The petition set out a cause of action against all the defendants, and the court did not err in overruling the general and special demurrers thereto.
Judgment affirmed. Felton, J., concurs.
Under the allegations of the petition the plaintiff had worked for a number of years in the building where she was injured, and evidently was familiar with the surroundings and the use of the automatic elevator in question. A short time before the alleged injury, she had used the elevator in going from the third floor of the building, where she worked, to the first floor to eat lunch, and after eating lunch, while in the act of returning to her work on the third floor, she went to the elevator on the first floor, pushed the elevator button, and according to the allegations of the petition, when the door opened she stepped into the open elevator shaft and fell to the basement of the building.
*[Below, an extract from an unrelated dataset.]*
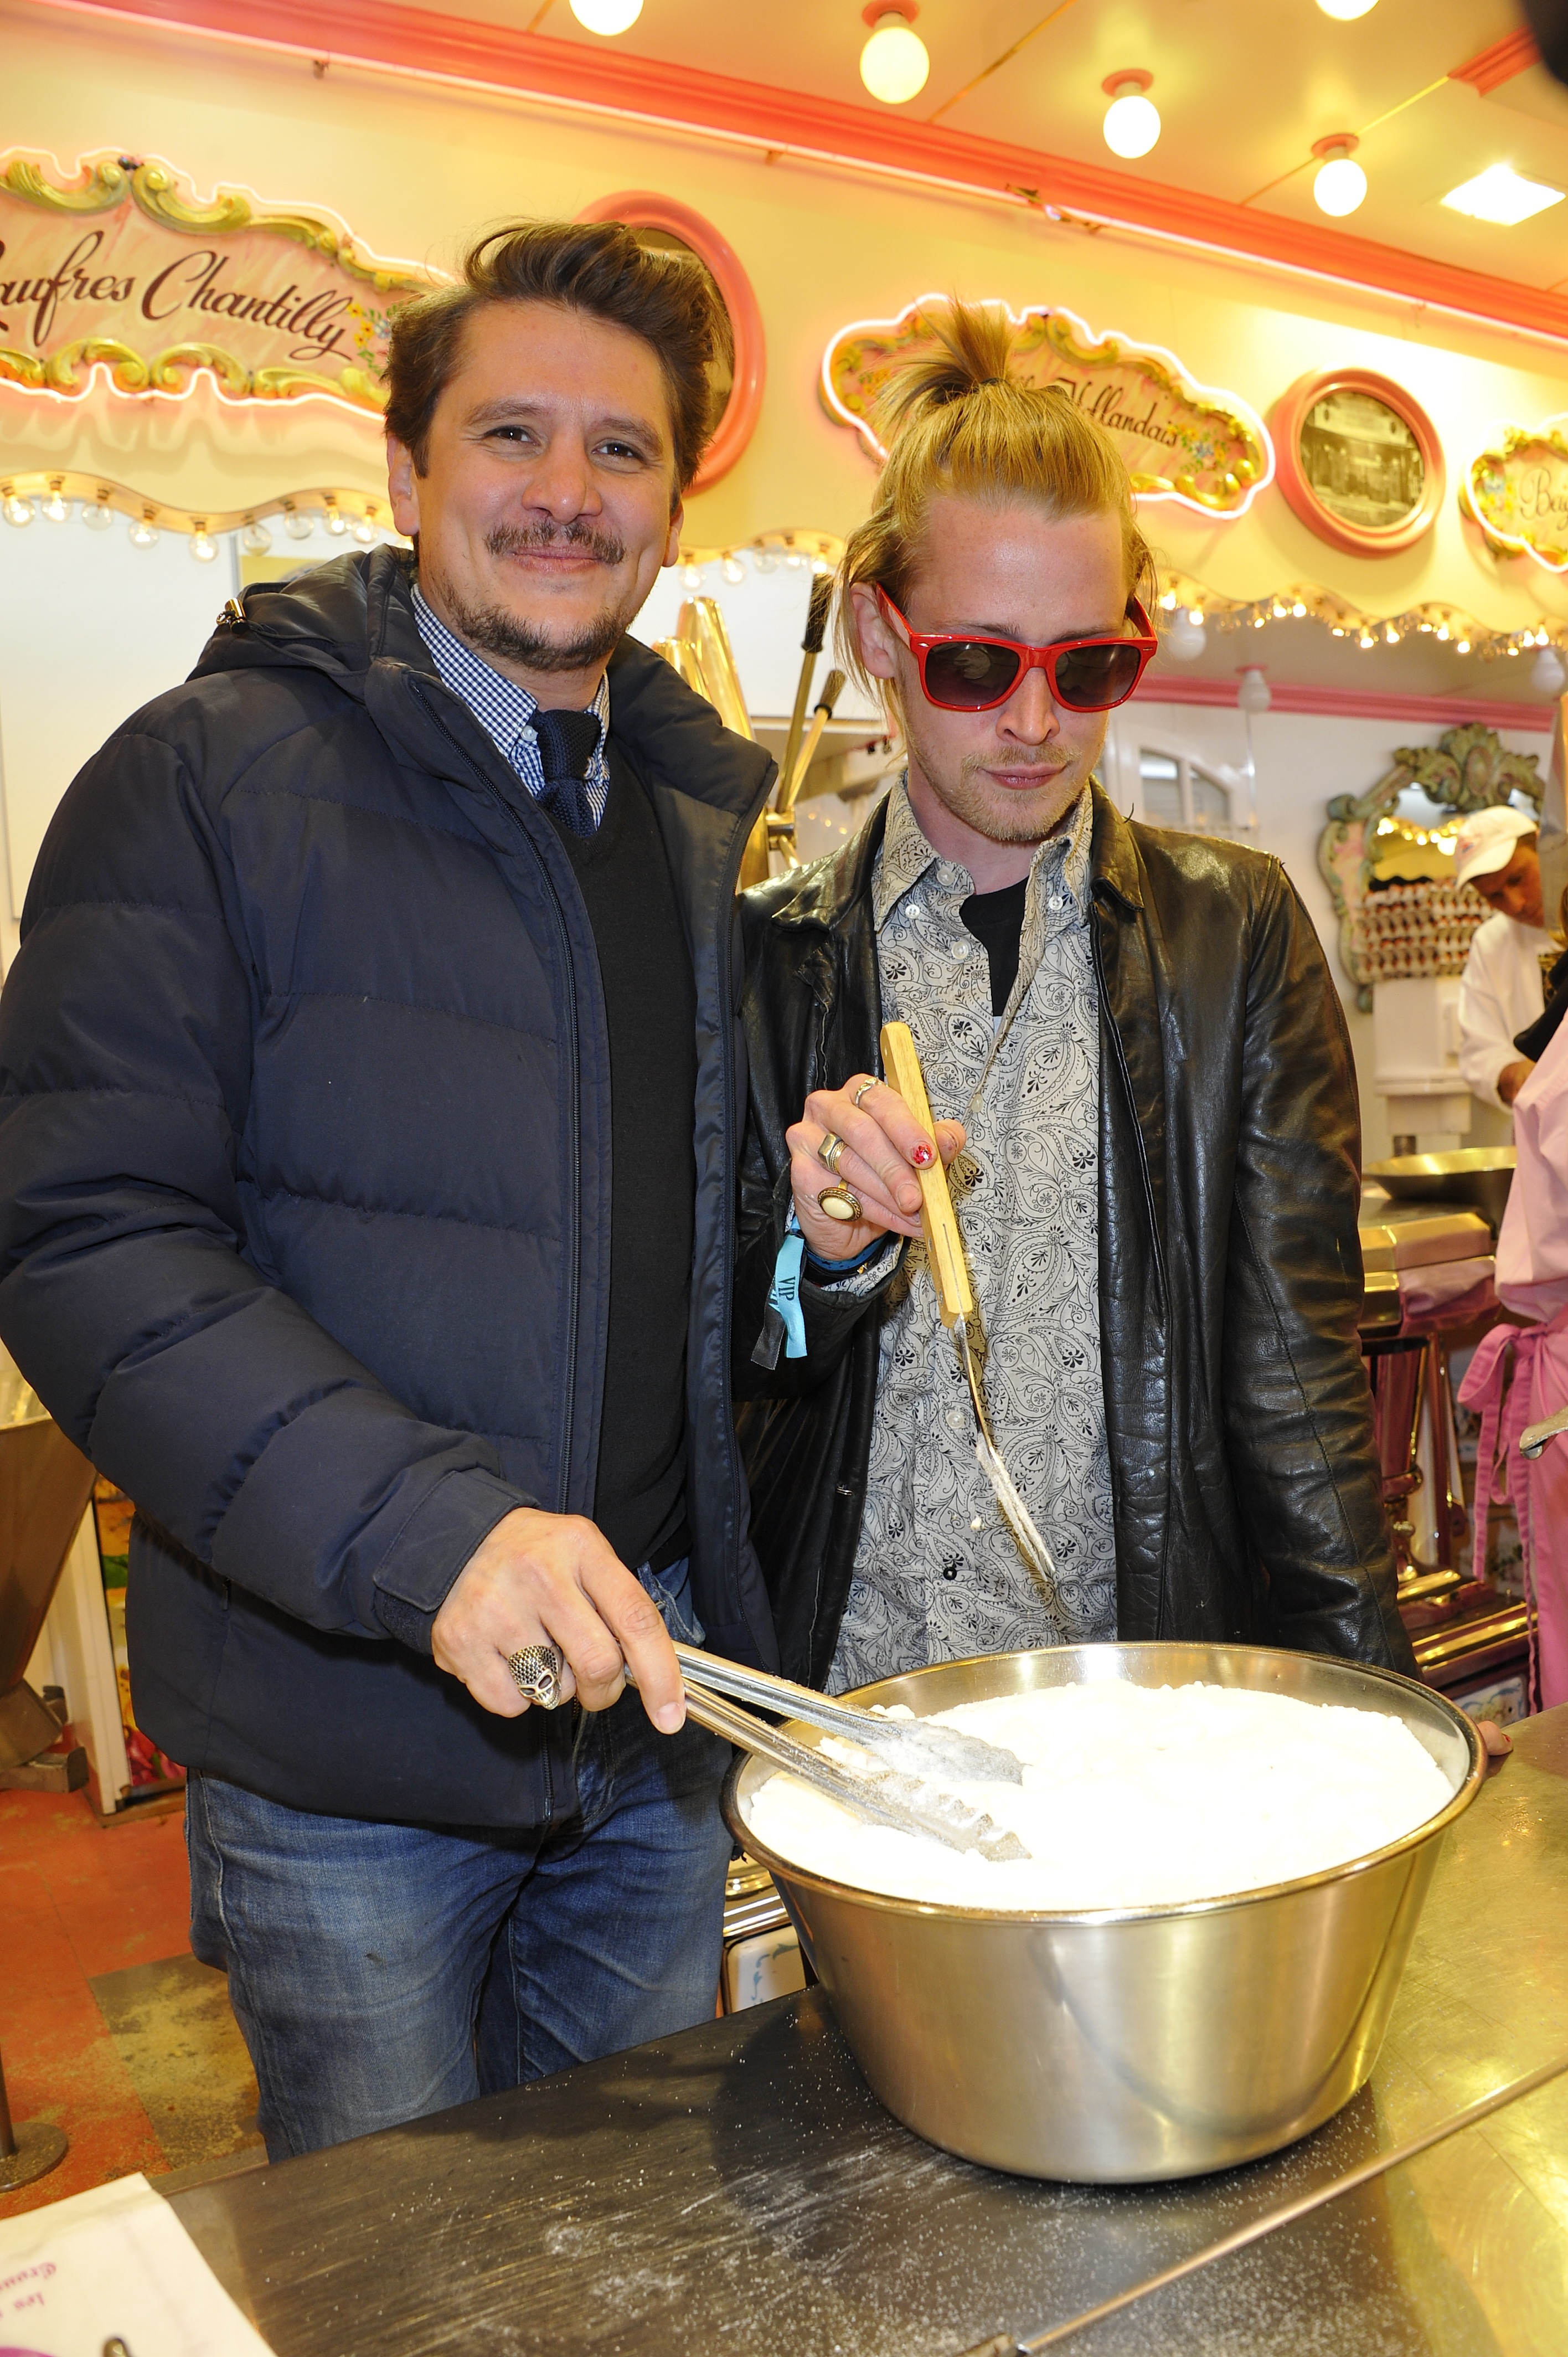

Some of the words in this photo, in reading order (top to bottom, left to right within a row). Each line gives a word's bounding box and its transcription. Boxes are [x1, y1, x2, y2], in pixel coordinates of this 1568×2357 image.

[0, 230, 136, 347] aufres
[141, 250, 353, 360] Chantilly
[778, 1276, 796, 1301] VIP
She alleged that there was a light burning in the elevator shaft, and that it was noon time; and it plainly appears from the petition that she could have seen that the elevator was not in place when the door opened, had she only looked. I think the petition, as against demurrer, shows that the plaintiff is barred from a recovery by her own negligence, and that the court erred in overruling the demurrer to the petition.
I think the rulings in the cases of Peniston v. Newnan Hospital, 40 Ga. App. 367 ( 149 S.E. 715), and Macon Savings Bank v. Geoghegan, 48 Ga. App. 1 (supra), are applicable and controlling in the present case.